Exercise directions - Exactly as written, print out each entry in the data, with no pictures.

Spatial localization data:
################

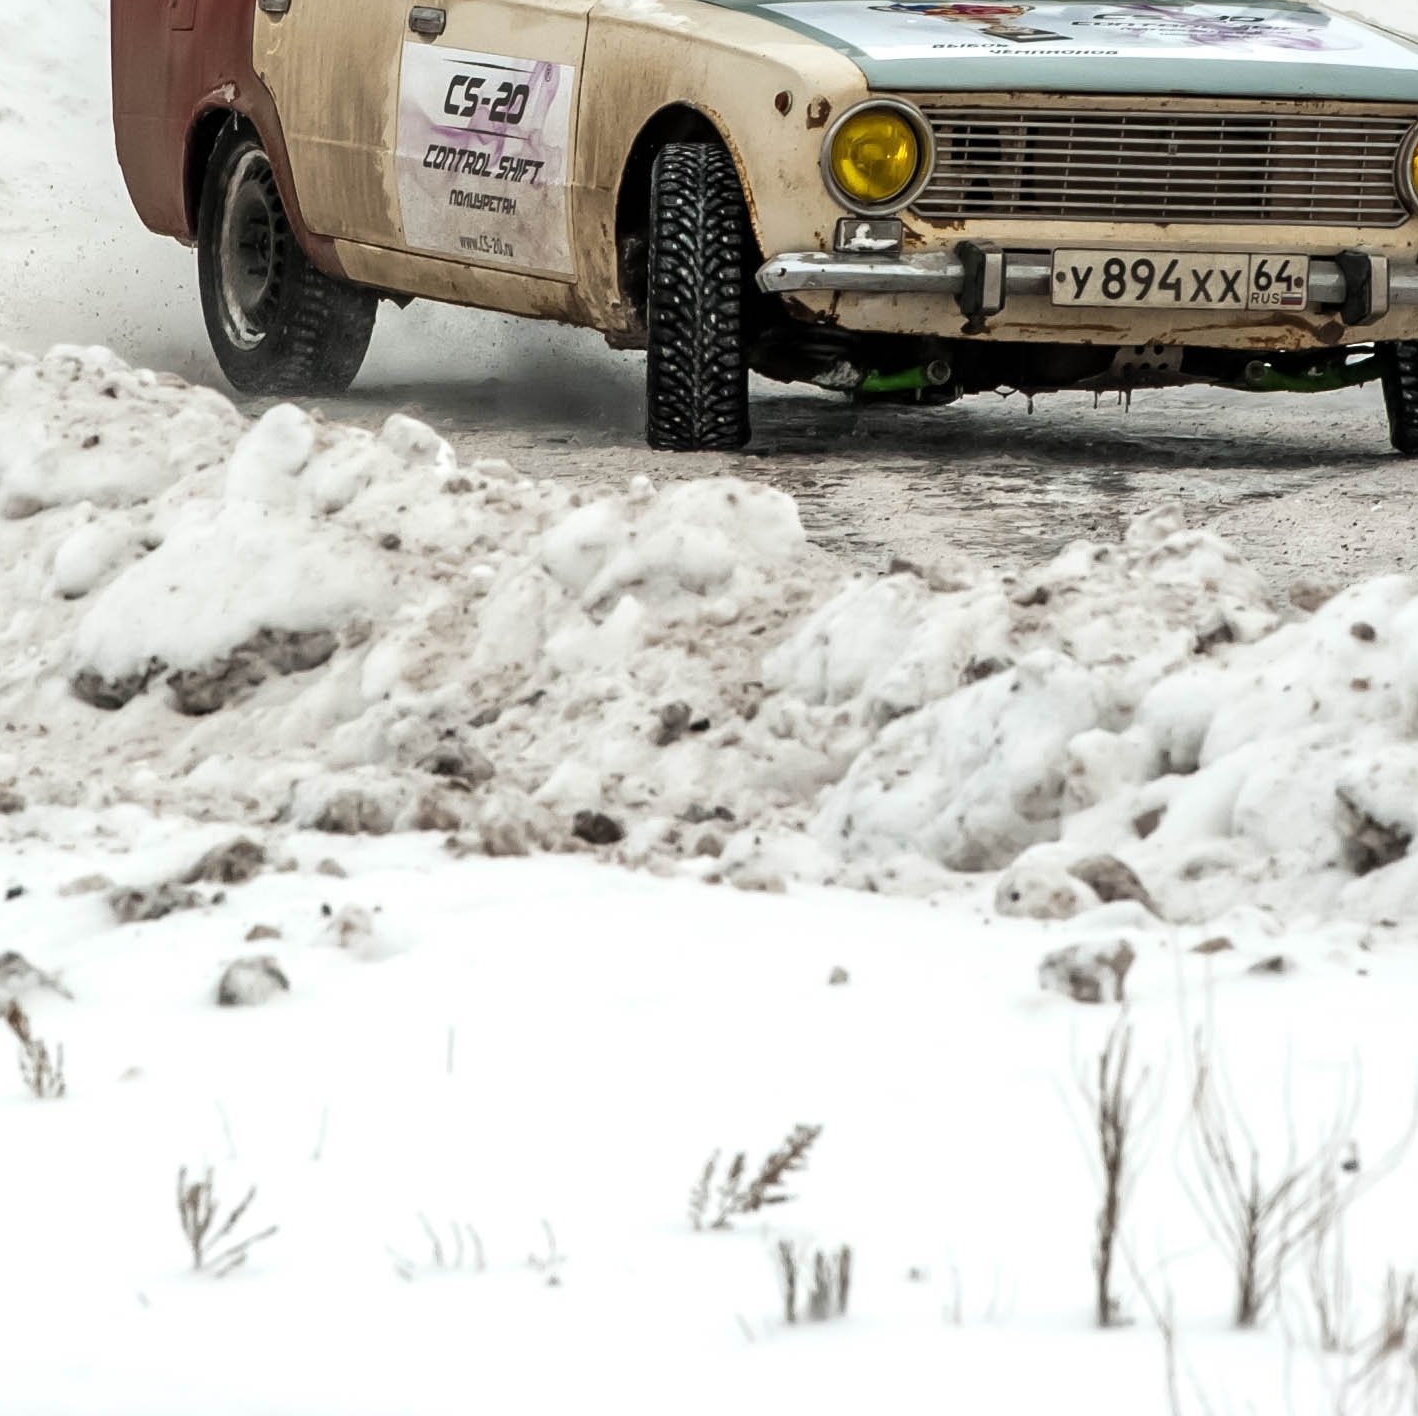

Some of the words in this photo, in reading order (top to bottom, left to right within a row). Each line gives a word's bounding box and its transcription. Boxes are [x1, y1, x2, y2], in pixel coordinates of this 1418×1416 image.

[443, 74, 531, 125] CS-20
[422, 144, 493, 177] CONTROL
[493, 155, 545, 185] SHIFT
[449, 189, 517, 216] ПОЛИУРЕТАН
[1253, 259, 1294, 292] 64
[1250, 292, 1280, 305] RUS
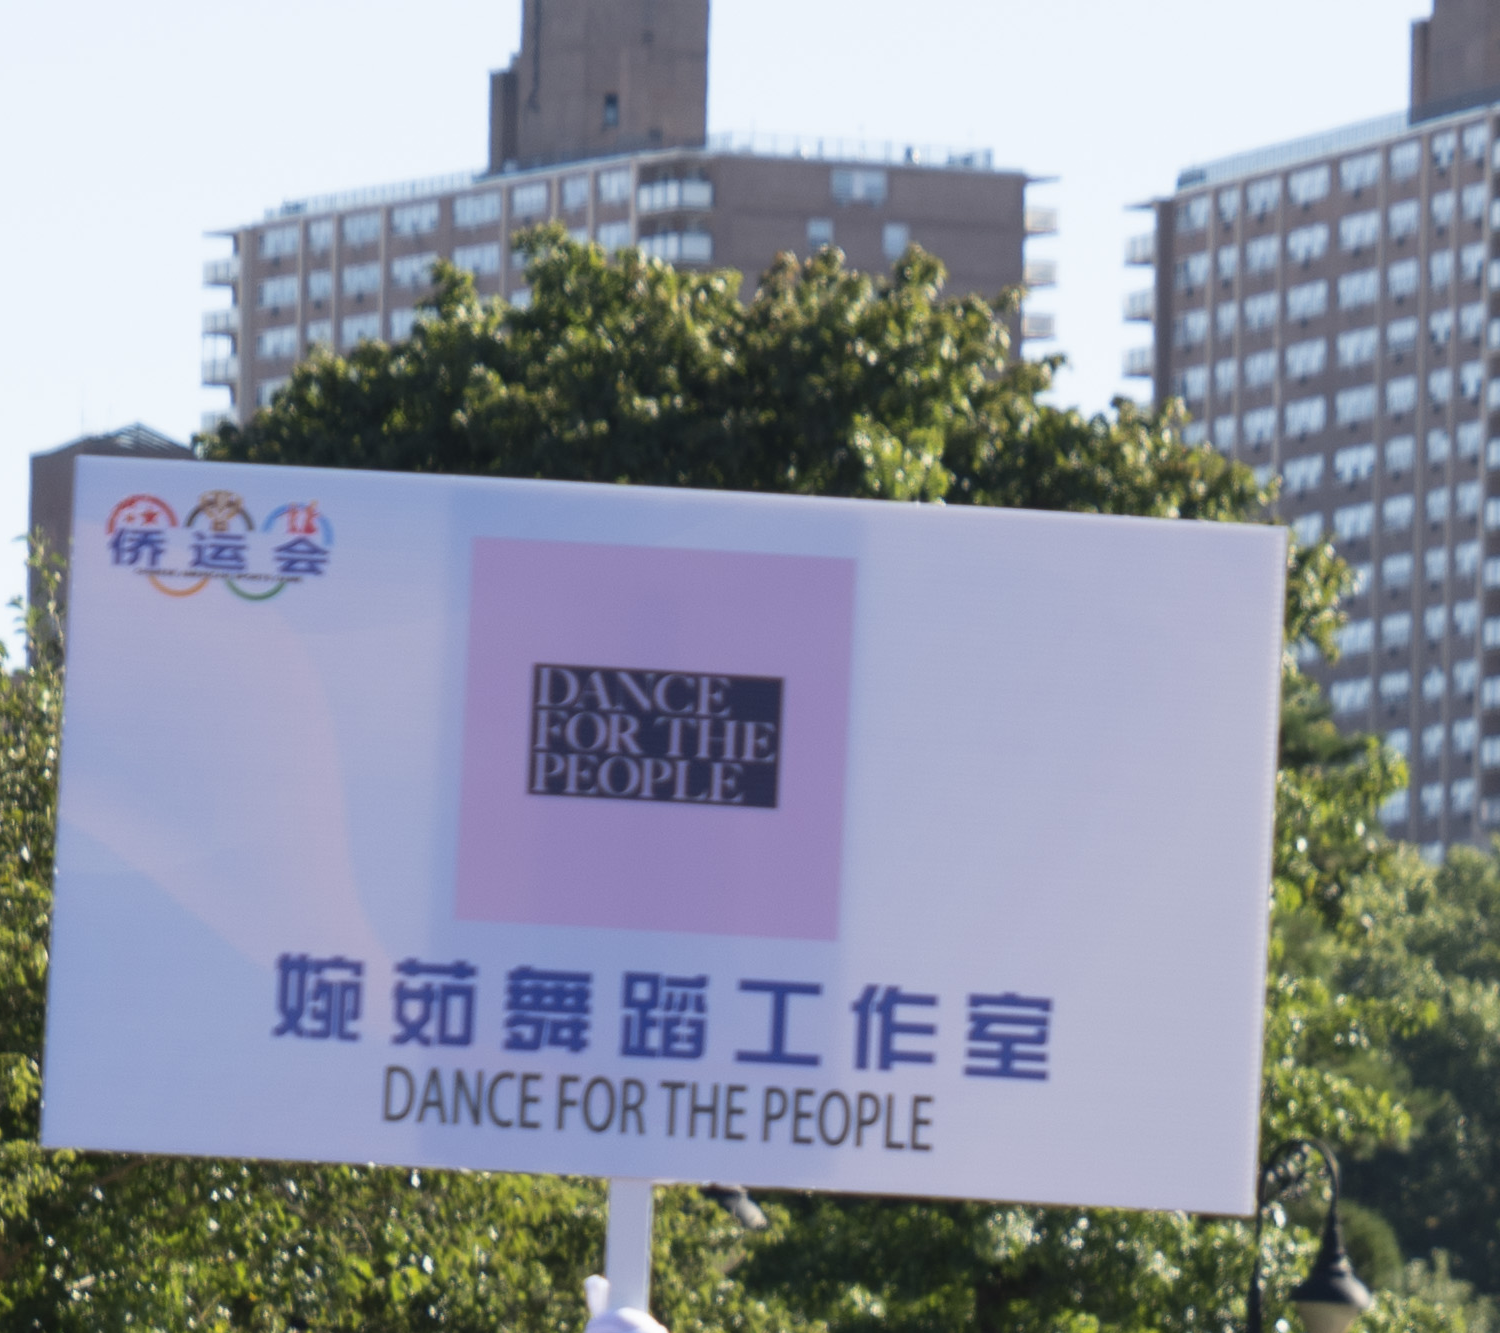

################

Exercise result -
Some of the words in this photo, in reading order (top to bottom, left to right within a row). Each line gives a word's bounding box and its transcription. Boxes are [x1, y1, x2, y2], in pixel coordinates of this 1418×1416 image.

[443, 74, 531, 125] CS-20
[422, 144, 493, 177] CONTROL
[493, 155, 545, 185] SHIFT
[449, 189, 517, 216] ПОЛИУРЕТАН
[1253, 259, 1294, 292] 64
[1250, 292, 1280, 305] RUS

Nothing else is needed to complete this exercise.